Le 20 septembre 2010, sur Deutschlandradio, la docteure Karin Jäckel a déclaré : «
Les relations parents-enfants sont antérieures à toute loi humaine et à tout rôle de tutelle de l’État. Avoir une mère et un père, et être protégés, élevés et soignés conjointement par eux, est un droit naturel et inviolable, un droit humain fondamental pour chaque enfant. »
L'absence d'un parent est une perte immense pour chaque enfant, qui affecte son corps et son esprit, même s'il n'en a pas toujours conscience. À un moment donné, tous les enfants s'interrogent sur leurs origines. Les enfants adoptés souhaitent également connaître leurs parents biologiques car ils veulent comprendre qui sont les deux personnes qui les ont conçus et mis au monde, et quel est leur héritage génétique.
Être parent célibataire n'est en aucun cas une « réussite », comme Edith Schwab, présidente de l'« Association des mères et pères célibataires », voudrait nous le faire croire, mais bien une histoire d'échec qui accable les mères, force les enfants à suivre un traitement psychothérapeutique et plonge les deux dans l'angoisse existentielle et la pauvreté – avec ou sans soutien financier du parent exclu.
Même si l'on considère l'éducation monoparentale comme une forme d'émancipation, une mère ne peut être un père, et un père ne peut remplacer une mère. Aucun parent qui exclut, dissimule ou nie l'autre ne peut combler le besoin d'un enfant de se sentir lui-même et d'avoir ses propres racines familiales. Par ailleurs, l'éducation monoparentale fondée sur l'exclusion entraîne presque toujours la perte des grands-parents et autres membres de la famille pour les enfants.
Dans ce contexte, nier encore le droit d'aînesse de tous les enfants à leurs deux parents et accorder plus d'importance aux intérêts de séparation des parents et à un droit quasi-propriétaire de la mère sur « son enfant » est contraire aux intérêts de l'enfant et provoque des guerres de séparation.

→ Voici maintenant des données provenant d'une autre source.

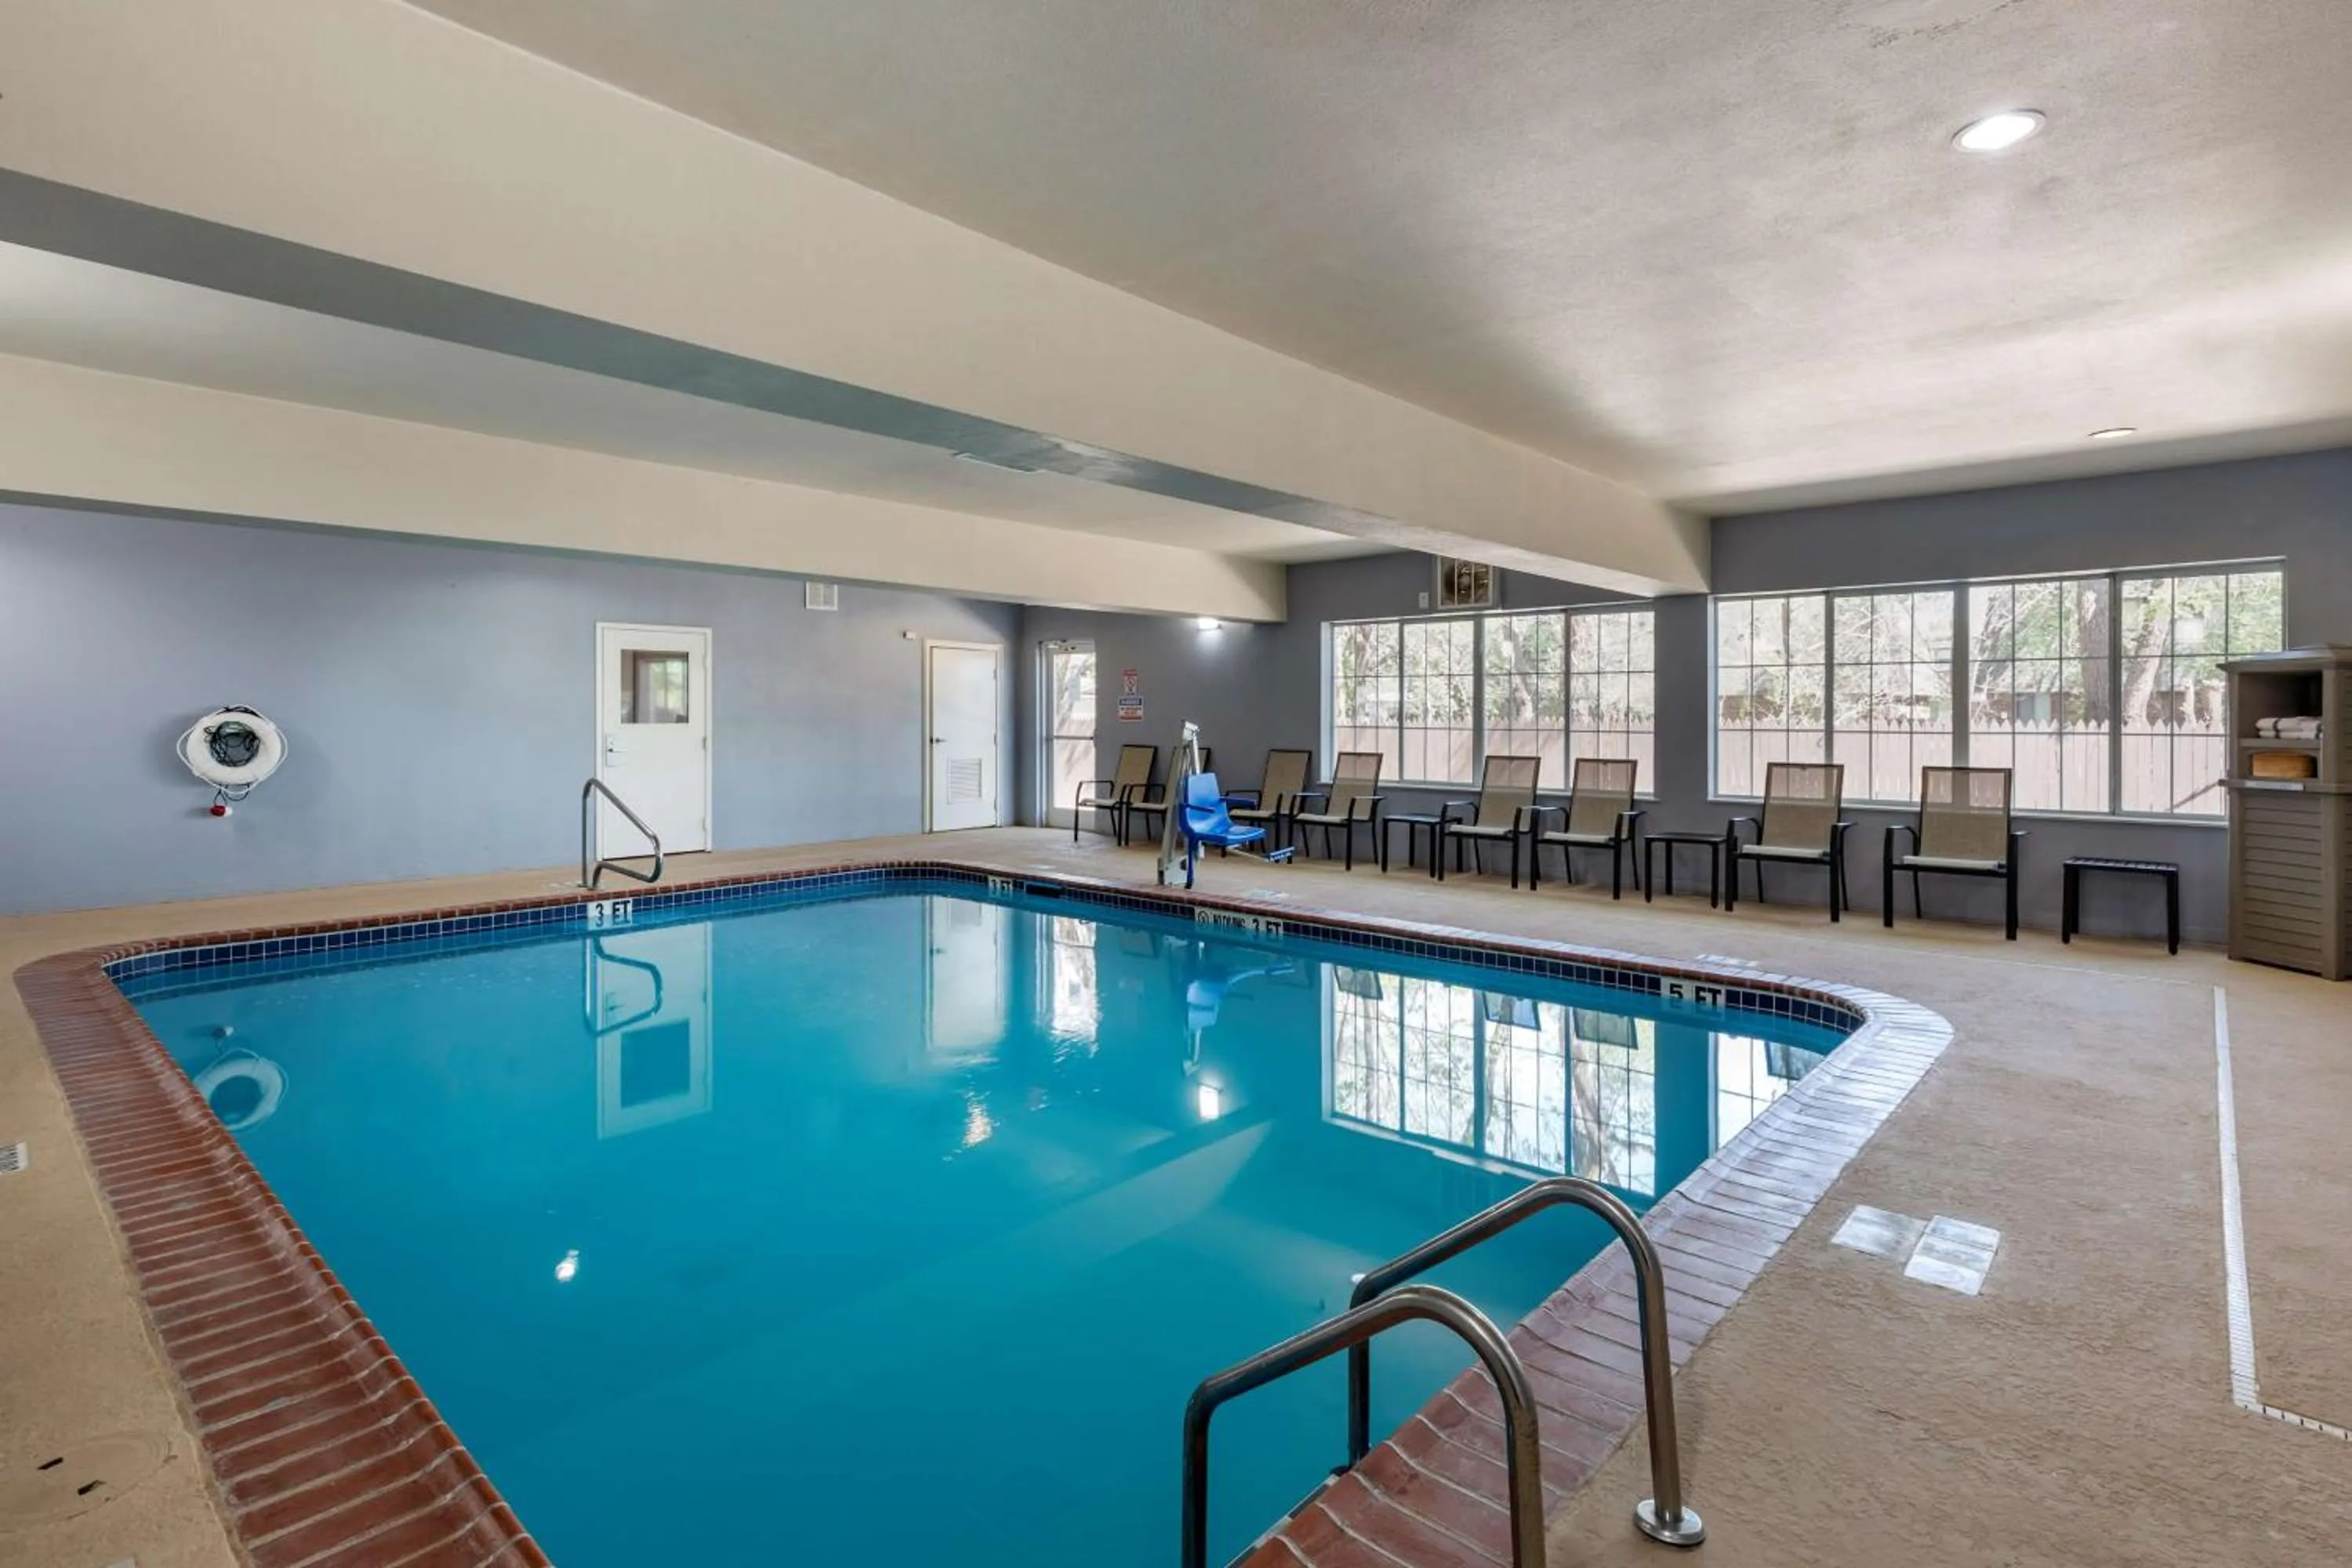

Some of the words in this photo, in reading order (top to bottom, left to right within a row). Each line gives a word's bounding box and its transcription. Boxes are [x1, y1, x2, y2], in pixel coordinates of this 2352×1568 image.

Il est inadmissible que les résultats de recherches menées à l'échelle mondiale sur la propension quasi identique à la violence entre les sexes continuent d'être subordonnés au mythe « femme = victime, homme = agresseur » et que les enfants soient privés de leur droit inné à leurs deux parents simplement parce que certains hommes deviennent des criminels et commettent ensuite des violences contre des femmes et/ou des enfants.
La grande majorité des pères sont disposés et capables d'être attentifs, bienveillants et aimants envers leurs enfants et d'assumer leurs responsabilités parentales. Par conséquent, les pères exclus se battent avec autant d'acharnement que les mères exclues pour leurs enfants qui leur ont été enlevés ou refusés. Ils souffrent tout autant de la perte de leurs enfants et considèrent que ces derniers donnent un sens à leur vie, au même titre que les mères.
Au lieu de protéger le droit de chaque enfant à avoir ses deux parents et d'imposer des conditions permettant de trouver un compromis mutuel dans l'intérêt supérieur de l'enfant, les juges aux affaires familiales accèdent à la demande de garde exclusive temporaire présentée par l'avocat du parent ravisseur. Ce faisant, ils cautionnent de facto l'enlèvement d'enfant, une forme de justice privée.
Lorsque j'ai révélé publiquement pour la première fois en 2000 la douleur et le désespoir des enfants de pères victimes de harcèlement, des journalistes femmes les ont qualifiés de « nouveaux hommes souffrants » et de « pleurnichards ». Cette réaction moqueuse face à la vulnérabilité masculine demeure à ce jour une forme complexe de misandrie, comme en témoigne, par exemple, un document de politique du SPD (Parti social-démocrate d'Allemagne), qui vise à atteindre une plus grande humanité en dépassant la masculinité.
Il est temps que les législateurs, qui se sentent investis de la mission de protéger les femmes et les mères, comprennent et respectent enfin le fait que les femmes ne sont plus des déesses capables de faire apparaître leurs enfants par magie.
La protection de l'enfance doit transcender toute idéologie, et le droit de l'enfant à une mère et à un père doit être garanti.